The coronavirus vaccine has been available in Japan since early 2021, with medical workers and senior citizens being the first to receive their vaccinations. Now, rollouts have extended to the majority of the general population, meaning you can get yours now to protect yourself against the spread of COVID-19.
Coronavirus Vaccine Procedures
To receive the coronavirus vaccine in Japan, you must first receive your vaccine ticket from your local city or municipality. This ticket is provided to all residents, regardless of nationality (meaning foreigners are to be vaccinated according to the same schedule as Japanese citizens, as long as you are a resident of Japan) and will be mailed to your registered address.
When you receive your vaccine ticket, you will also receive instructions on how to book your vaccination appointments. These bookings can be done online or by phone and are typically offered in the area in which you live. Depending on the vaccination site you choose, you may be required to sign up for two slots at once (for the two shots required to be considered fully vaccinated), or you may be instructed to sign up for the second slot at the vaccination site during your first appointment.
Where to Get the Vaccine
The simplest way to find vaccination locations is through the information provided with your vaccine ticket. However, if you are struggling to find a suitable time slot or location that fits your schedule, there are some other options for where to get the vaccine.
First, check with your employer or school to see if they have a vaccination program available. For some in Japan, getting vaccinated through their workplace or university has been easier than waiting to receive a booking through their city. These programs have been so successful, Japan suspended applications for corporate vaccine drives in late June after the maximum distribution capacity was reached. However, if your company or school signed up before the deadline, you may still be able to secure a vaccination there. In some cases, companies are also vaccinating family members of employees as well.
Another option is to look for clinics and mass vaccination sites not listed in the resources provided by your local municipality. Some residents have been successful in securing their vaccine appointments simply by calling numerous clinics in their area.
In some cases, you can also book through clinics and vaccination sites outside of your local area. Many locations will only require you to have your ticket, regardless of whether or not you’re located in the same city or ward as the site.
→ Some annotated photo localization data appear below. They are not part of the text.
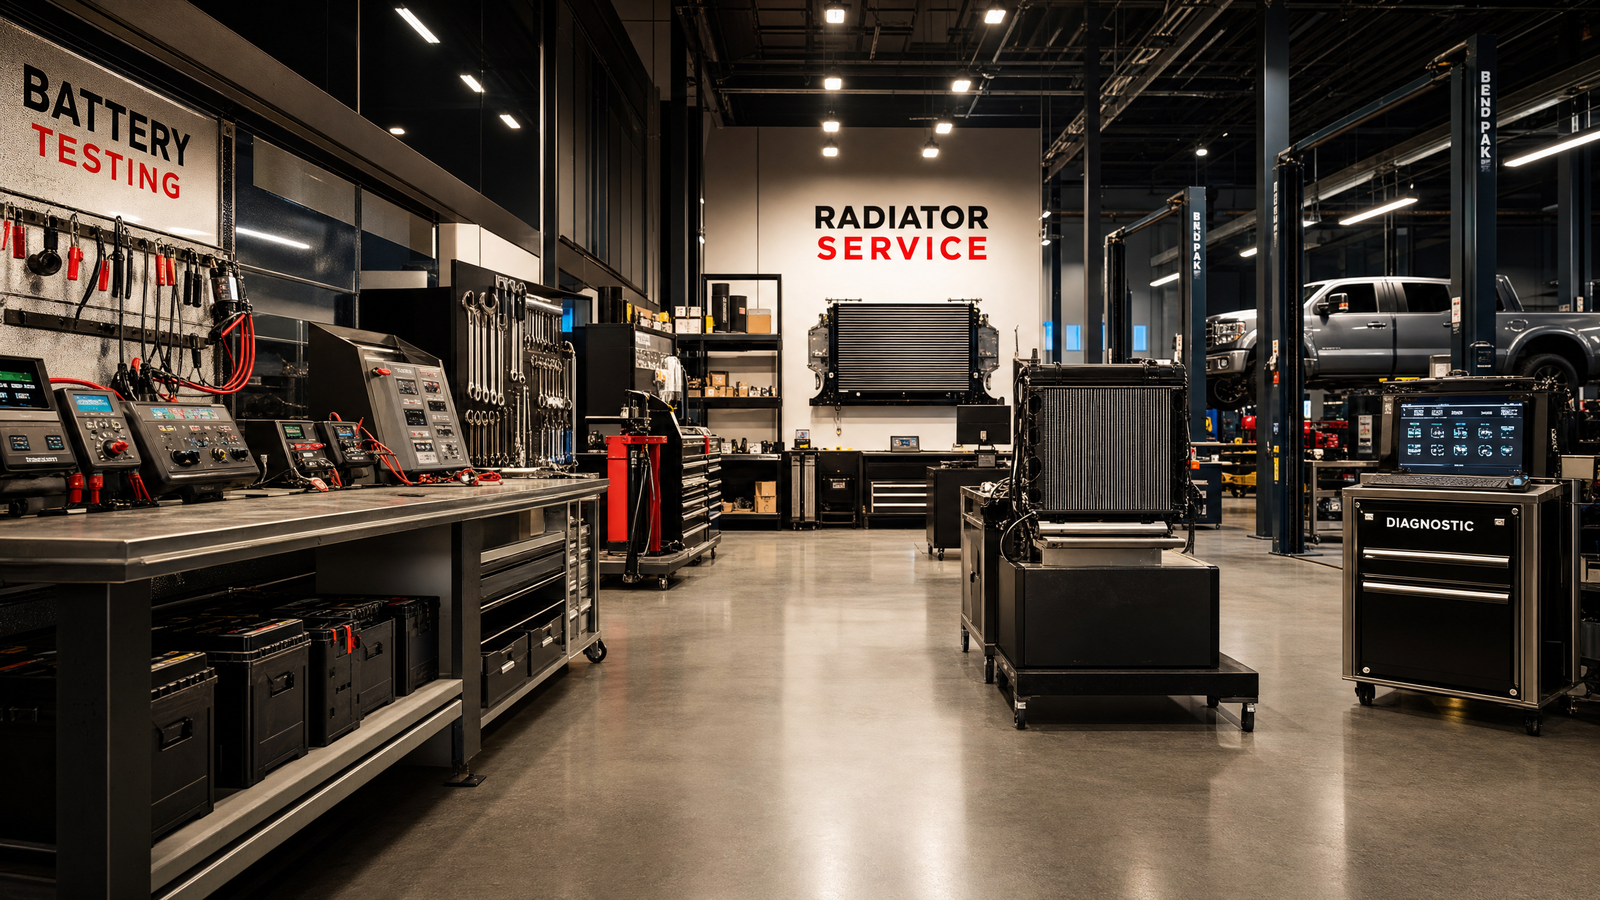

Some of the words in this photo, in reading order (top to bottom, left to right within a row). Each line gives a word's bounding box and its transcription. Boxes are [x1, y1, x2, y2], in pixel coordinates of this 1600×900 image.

[23, 62, 191, 167] BATTERY
[31, 122, 181, 200] TESTING
[815, 205, 989, 229] RADIATOR
[817, 236, 987, 260] SERVICE
[1386, 516, 1475, 532] DIAGNOSTIC
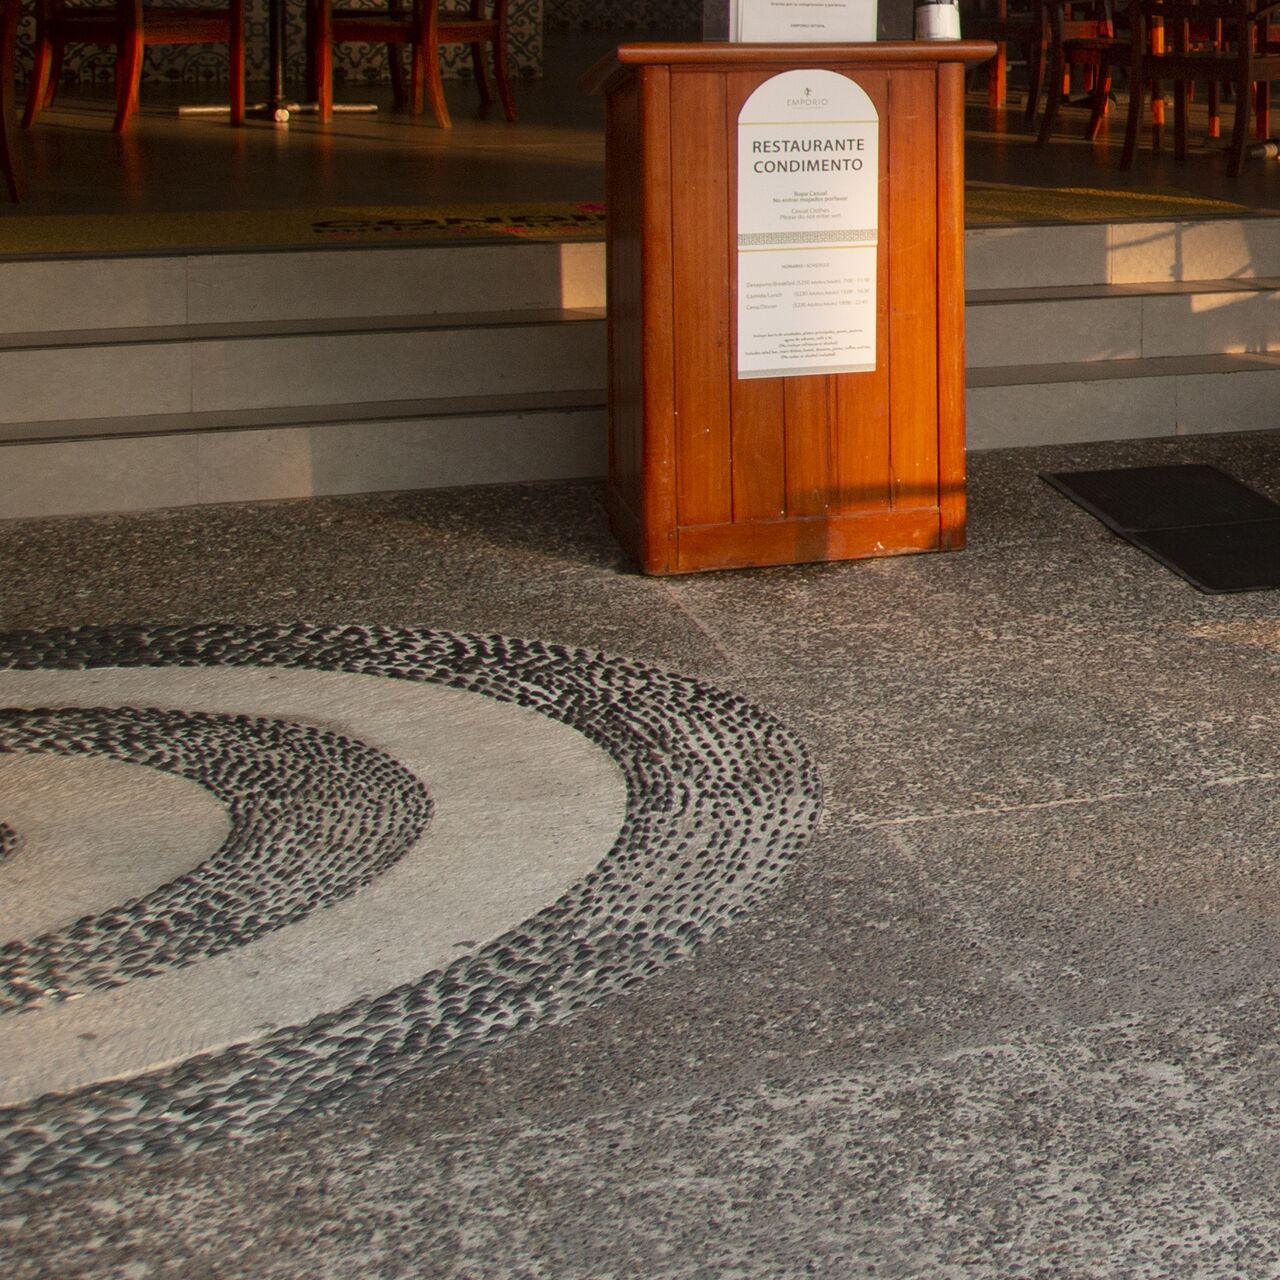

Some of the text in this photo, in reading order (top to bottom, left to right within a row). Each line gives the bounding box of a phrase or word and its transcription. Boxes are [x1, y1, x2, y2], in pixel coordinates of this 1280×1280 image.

[787, 98, 828, 107] EMPORIO
[752, 138, 865, 153] RESTAURANTE
[753, 158, 863, 173] CONDIMENTO
Two helpful websites for finding these vaccination sites are Find a Doc, a community-run database, and the official Vaccine Navi website run by the government (both are available in English).
What to Expect
Once you’ve made your booking and are ready for your coronavirus vaccine, there are a few things to keep in mind to help you prepare and know what’s in store:
With your vaccination ticket, the COVID-19 vaccine is free in Japan for all residents.
What to Bring
Be sure to bring your vaccine ticket, your completed questionnaire form (mailed to you along with your ticket; this must be completed in Japanese, but for translations, click here), an official form of identification (such as your Japanese residence card, driver’s license, or your passport), and wear a shirt with short sleeves or sleeves that can be comfortably rolled up.
Available Vaccine Brands
Currently, the two most common vaccine brands available in Japan are Moderna and Pfizer. Recently, the government also decided to roll out the AstraZeneca vaccine in areas under a state of emergency, such as Tokyo area prefectures. In most cases, the brand provided depends on the type of site or clinic you visit, and you are not given a choice of which vaccine brand you prefer.
Because these brands all require two doses for maximum effectiveness, be prepared to make time for a second appointment. The doses should be three weeks apart for Pfizer and four weeks apart for Moderna. For AstraZeneca, the second dose should be received within 4-12 weeks after the first.
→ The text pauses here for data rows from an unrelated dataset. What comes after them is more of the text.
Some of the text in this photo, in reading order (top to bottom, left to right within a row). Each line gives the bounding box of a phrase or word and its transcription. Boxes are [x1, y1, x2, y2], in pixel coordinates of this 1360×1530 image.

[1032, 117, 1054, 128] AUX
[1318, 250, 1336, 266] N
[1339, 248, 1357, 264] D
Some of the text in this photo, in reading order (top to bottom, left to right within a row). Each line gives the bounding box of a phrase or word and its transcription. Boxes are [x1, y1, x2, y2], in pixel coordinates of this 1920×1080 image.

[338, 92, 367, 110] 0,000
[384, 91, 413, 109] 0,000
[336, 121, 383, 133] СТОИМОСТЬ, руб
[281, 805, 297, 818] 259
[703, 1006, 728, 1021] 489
Side Effects and Reactions
Expect some arm soreness after the injection, as well as other flu-like symptoms. Those receiving the vaccine will be asked to remain at the vaccination facility for 15-30 minutes after receiving the shot to monitor side effects and possible allergic reactions. For more on side effects, click here.
Coronavirus Vaccine Shortages in Japan
Currently, there is a shortage of available vaccines for residents in Japan, casting anxiety and frustration as many areas are seeing record-breaking numbers of COVID-19 cases. If you are still struggling to reserve your vaccination, continue checking the clinic and vaccination site resources above, as more vaccines are secured in Japan. The government plans to secure 220 million doses by the end of September and is planning to have everyone who wants to receive the vaccine fully vaccinated by the end of November.
More Information on the Coronavirus Vaccine in Japan
As the pandemic continues to spread in Japan, getting vaccinated is one of the most effective ways to protect yourself and others. To find out the latest coronavirus vaccine information, or to find out more details on vaccination in Japan, visit the Ministry of Health, Labour and Welfare website here.
Disclaimer: The information on this page is not intended to be used as a substitute for professional medical advice. Please consult your doctor for personalized advice and information regarding the vaccine.